- Location: Mokha, Yemen
- Date: January 28, 2019
- Deaths: 7
- Injured: 20
- Victims: One Abu Dhabi TV journalist killed, one injured
- Perpetrator: Unknown

= 2019 Mokha restaurant bombing =

On January 28, 2019, a bomb exploded in a cafe in Mokha, Yemen, killing seven people including Emirati photojournalist Ziad al-Shaarabi.

== Background ==
By late 2018 and early 2019, the Yemeni coastal city of Mokha was under the control of the Yemeni Armed Forces and was a major base of the United Arab Emirates. The city had not seen many major attacks by either the Houthis or other Yemeni militant groups like the Islamic State's Yemen Province or Al-Qaeda in the Arabian Peninsula (AQAP). Mokha was being used as a logistical hub to support an Emirati and Yemeni offensive on Hodeidah.

== Bombing ==
The bombing was caused by an explosives-laden motorcycle situated near a bustling market in Mokha. Several Emirati journalists from Abu Dhabi TV were at a restaurant in the market when the bomb exploded.
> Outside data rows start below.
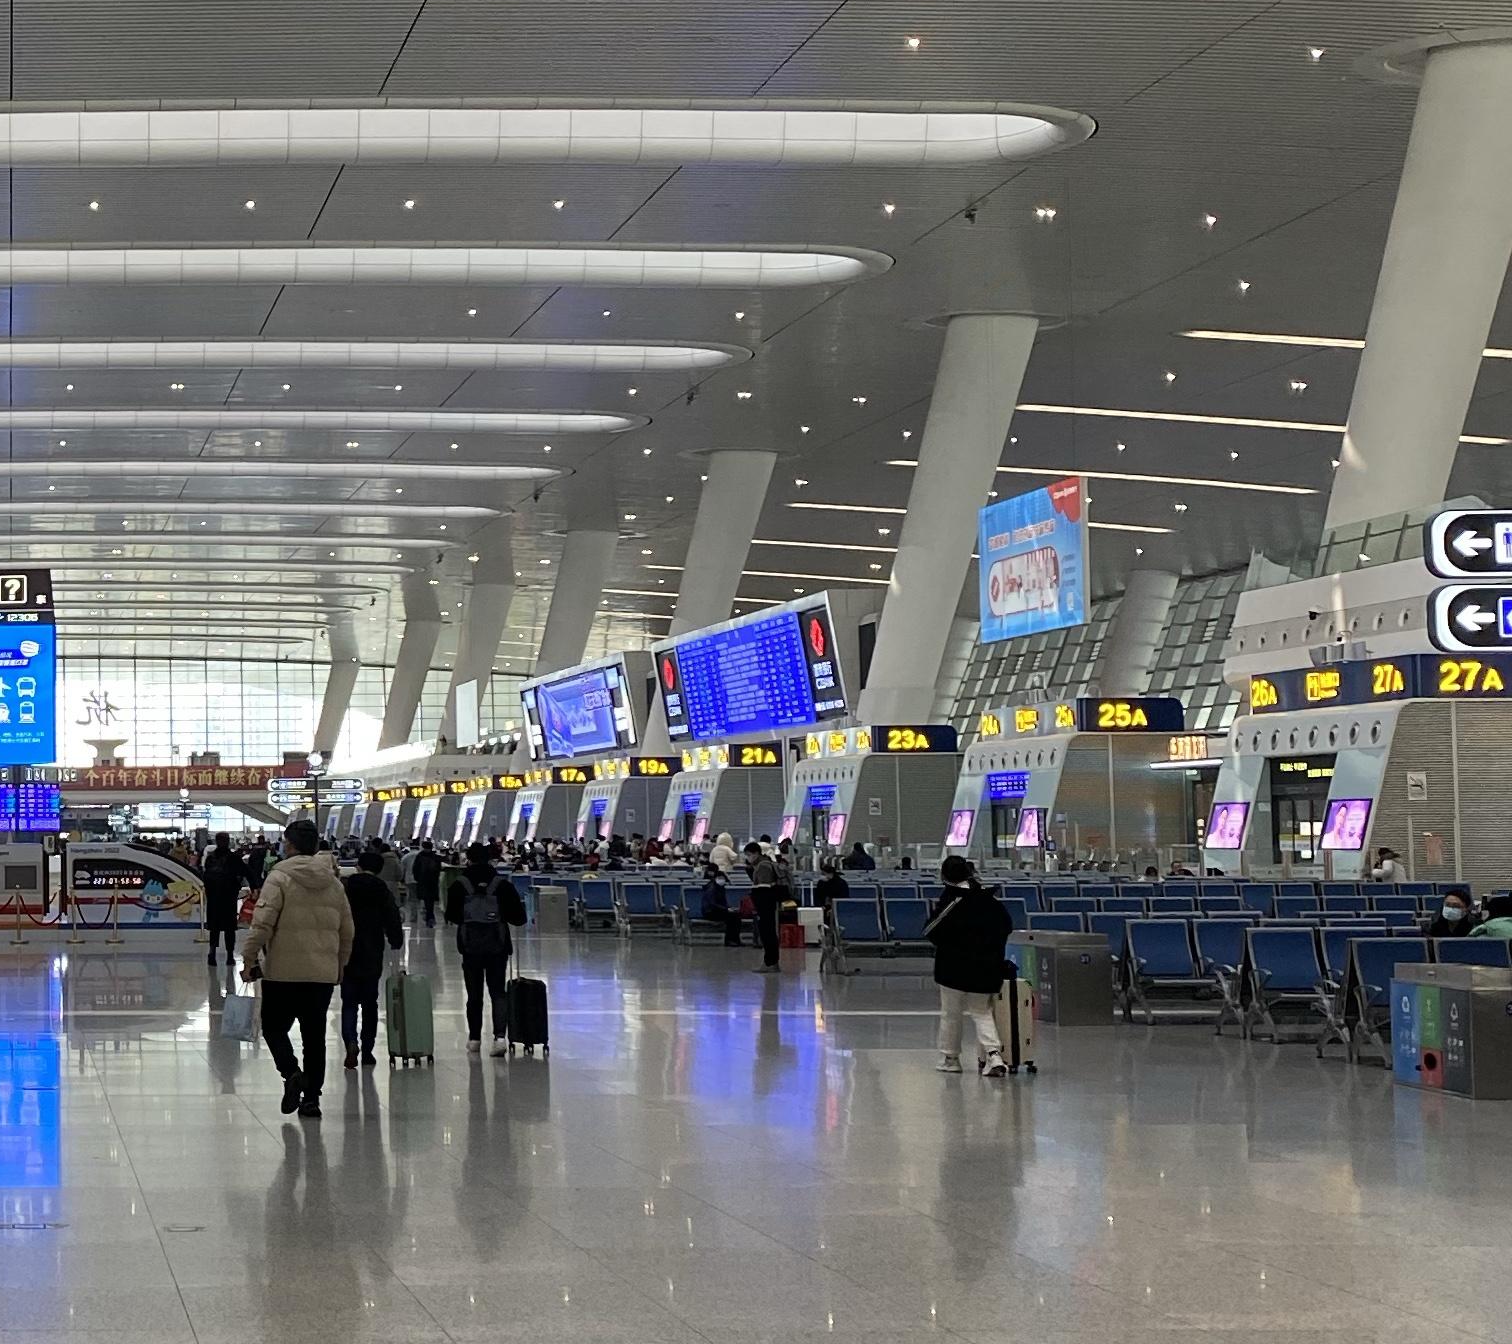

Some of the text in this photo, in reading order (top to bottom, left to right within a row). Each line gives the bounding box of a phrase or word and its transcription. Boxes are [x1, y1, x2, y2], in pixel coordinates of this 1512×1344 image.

[7, 613, 39, 622] 12306
[1372, 664, 1405, 694] 27A
[1438, 661, 1504, 692] 27A
[1251, 679, 1278, 707] 26A
[1055, 704, 1075, 728] 25A
[1097, 702, 1148, 728] 25A
[888, 729, 929, 750] 23A
[639, 759, 670, 774] 19A
[741, 747, 776, 765] 21A
[499, 776, 523, 788] 15A
[560, 768, 587, 783] 17A
Faisal al-Dhahbani, an Emirati journalist who survived the attack, was working alongside his coworker Ziad al-Sharaabi, both of whom were in Mokha to cover clashes in western Yemen between the Houthis and the Yemeni government. Seven people were killed in the attack, including al-Sharaabi. Another twenty people, including al-Dhahbani, were injured.

The perpetrator of the bombing is not known.